Tatula turned in a stride and faced him with blank apprehension.
“I mean, you went back to heal it.” He narrowed his eyes. “Didn't you?”
Tatula nodded stiffly.
“I thought so. You must have known how dangerous it was.” He indicated her arm. “Looks like you nearly had trouble.”
Her face was empty.
“I just wanted to say... Well, sorry. I mean, I'm sorry I... I didn't mean to...” He sighed. “I'm sorry they drove you out.”
Tatula nodded at him. Porlo ran a hand over his face.
“And, erm. I didn't tell them... About... Well, I mean, how old... Those charms... Those... Old war charms... I, uh...” He took a breath. “You're a liche, aren't you?” he said, abruptly. His eyes flicked up to her face.
Tatula's expression filled with ice and stone. She took a step forward. Porlo bowed his head and stared at the ground.
“Only, the thing is, the thing... I mean... Now I get it... In the tavern. I realise, I can't possibly understand... What you must have seen... I can't, can't judge you, or anything... I don't want to... But I know you must be... Slipping... And maybe you're, I mean, ok with... Maybe you've allowed that... but I just want to say, I just. Because I never... I...” A speck of moisture caught the moonlight on his cheek. He took a faltering breath then stood up and faced the dark mage. “I just wanted to tell you... Not to forget how to... Not be alone.”

Tatula stopped. She stared at him once again. Porlo stared back. Tatula began to step toward him again. The scholar flinched despite his best efforts, but only a little. Then the woman raised a hand and cupped the air a hair's breadth from his damp cheek. Porlo's mouth opened, shock ran across his face, followed by subtler, rarer emotions. He took a breadth, and with his fingertips, pressed her own to his face.

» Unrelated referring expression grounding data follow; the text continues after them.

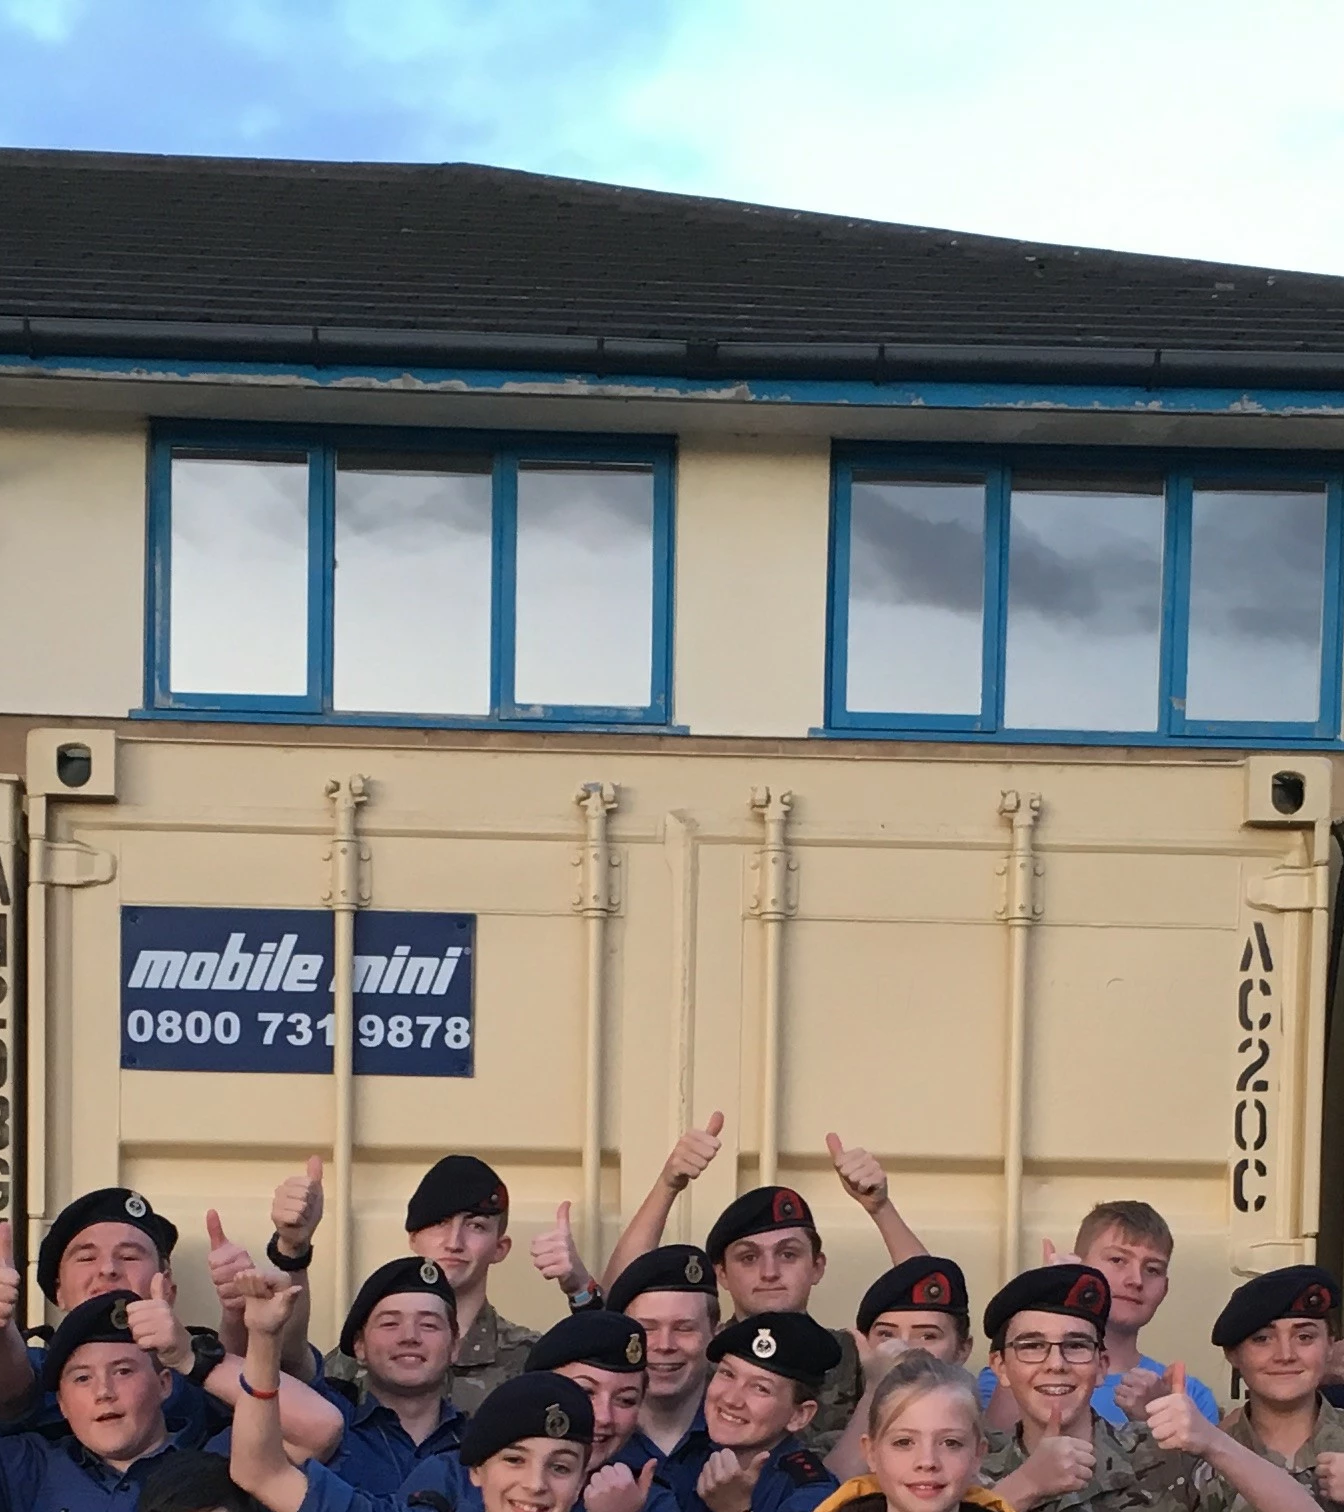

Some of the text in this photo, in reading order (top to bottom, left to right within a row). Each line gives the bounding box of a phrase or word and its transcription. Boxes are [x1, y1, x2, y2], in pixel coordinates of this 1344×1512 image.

[127, 932, 324, 992] mobile
[127, 1009, 471, 1049] 0800 731 9878
[1233, 921, 1274, 1213] AC20C
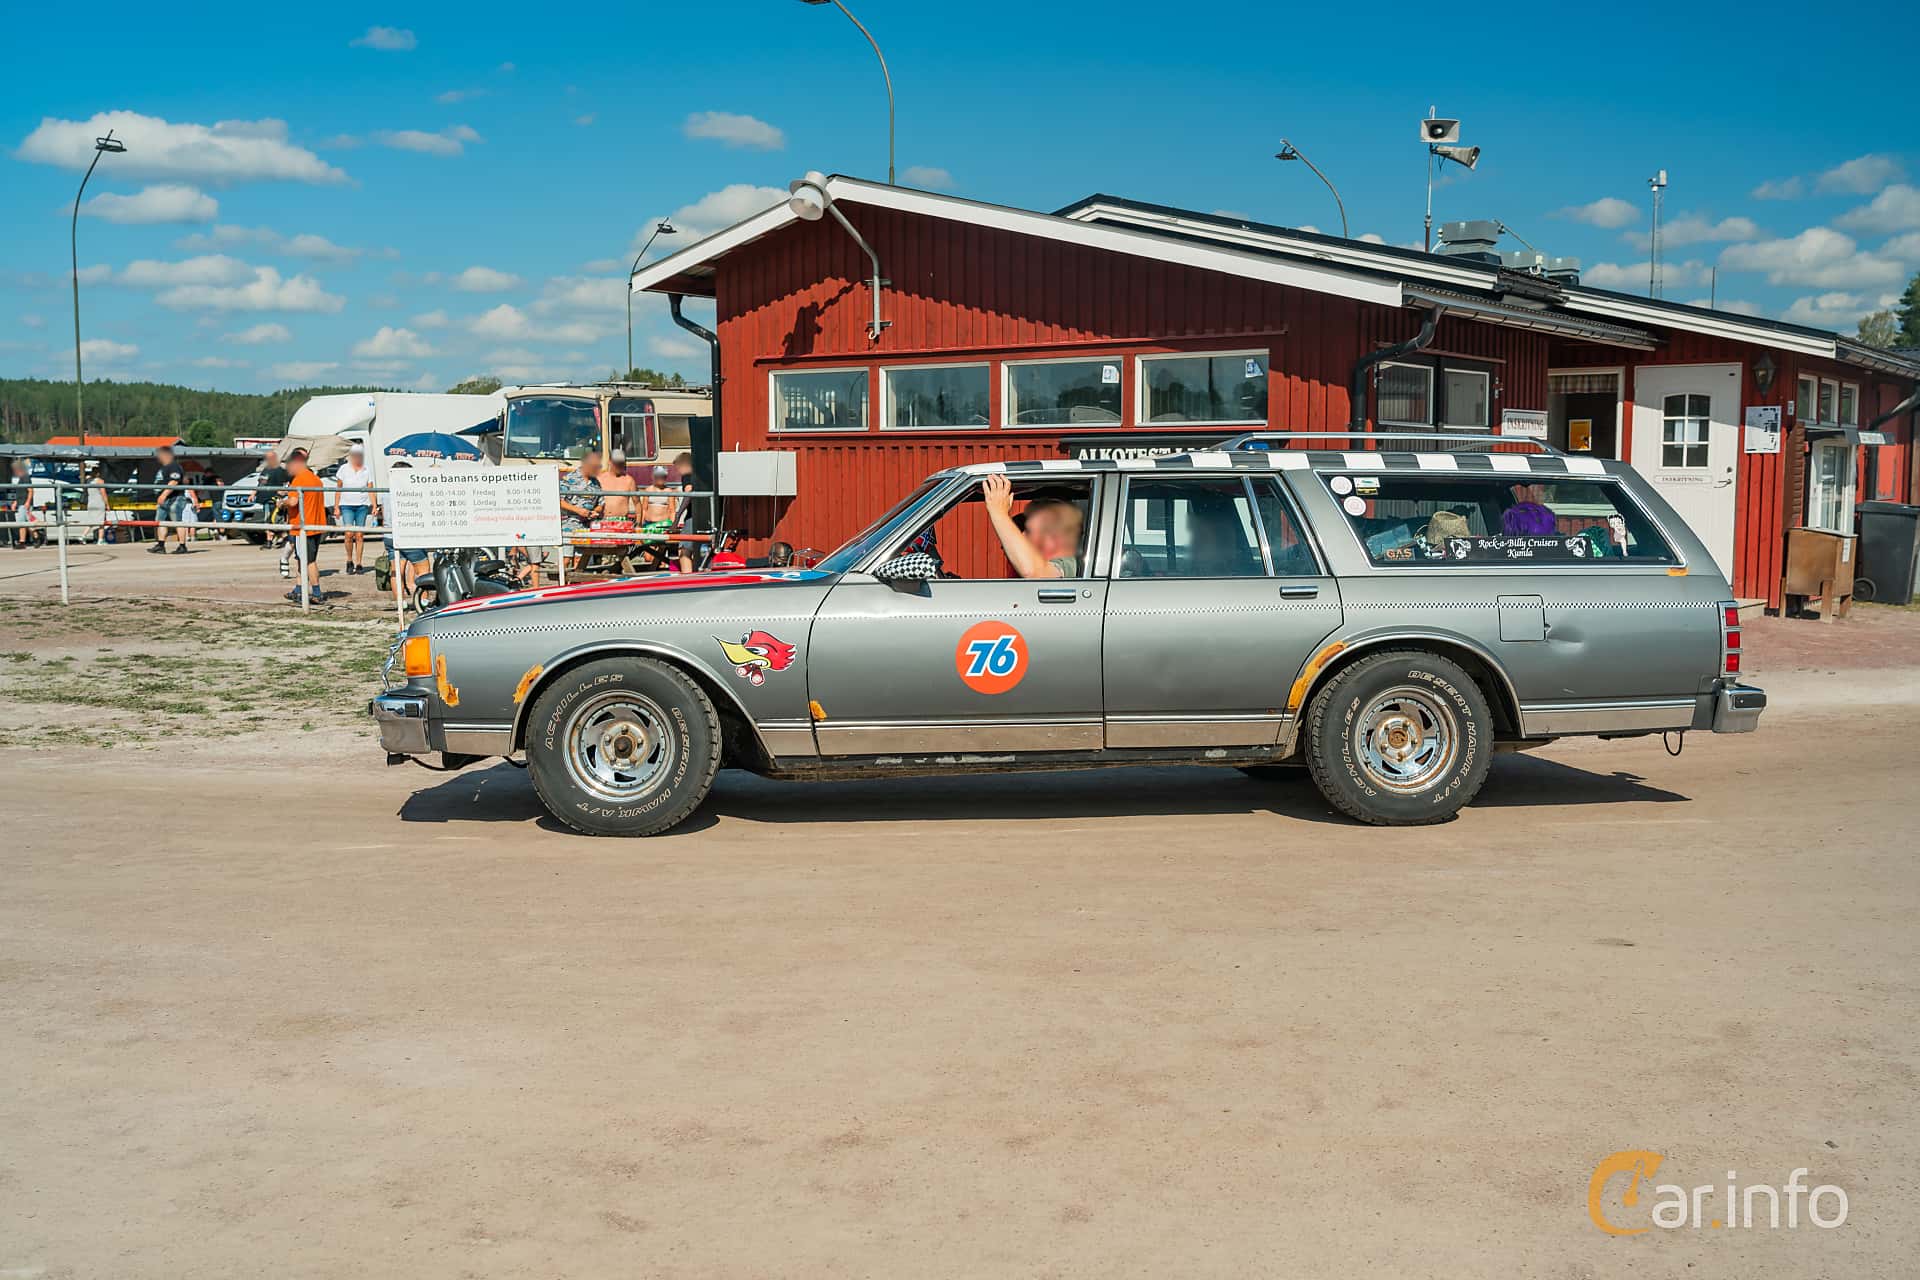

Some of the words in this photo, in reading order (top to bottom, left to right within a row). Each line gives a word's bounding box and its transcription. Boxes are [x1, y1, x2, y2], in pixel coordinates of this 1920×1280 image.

[409, 474, 438, 484] Stora
[440, 473, 479, 483] banans
[1386, 548, 1412, 558] GAS
[1527, 538, 1558, 548] Cruisers
[965, 634, 1017, 677] 76
[1408, 670, 1472, 717] DESERT
[545, 673, 624, 750] ACHILLES

On physical contact Tatula's glamer failed. Porlo didn't look away. He surrendered his own mental defences and her magic returned. Then he kissed her, briefly. It was enough; she didn't need to exchange any words. She left then, and Porlo spent the walk home happy that he had been able to reach her, to comfort her, and perhaps most of all to encourage her. He thought about how she truly was a vulnerable, troubled girl, and how perhaps their love for one night had made a difference. Later, he thought how tragic it was that he would never know her name.

Tatula spent the walk home content that she had made the curious youth feel needed, for a while. She weighed it in her mind, and decided it was an adequate recompense for being one of the few who did not try to exterminate her. Later, she thought about moths.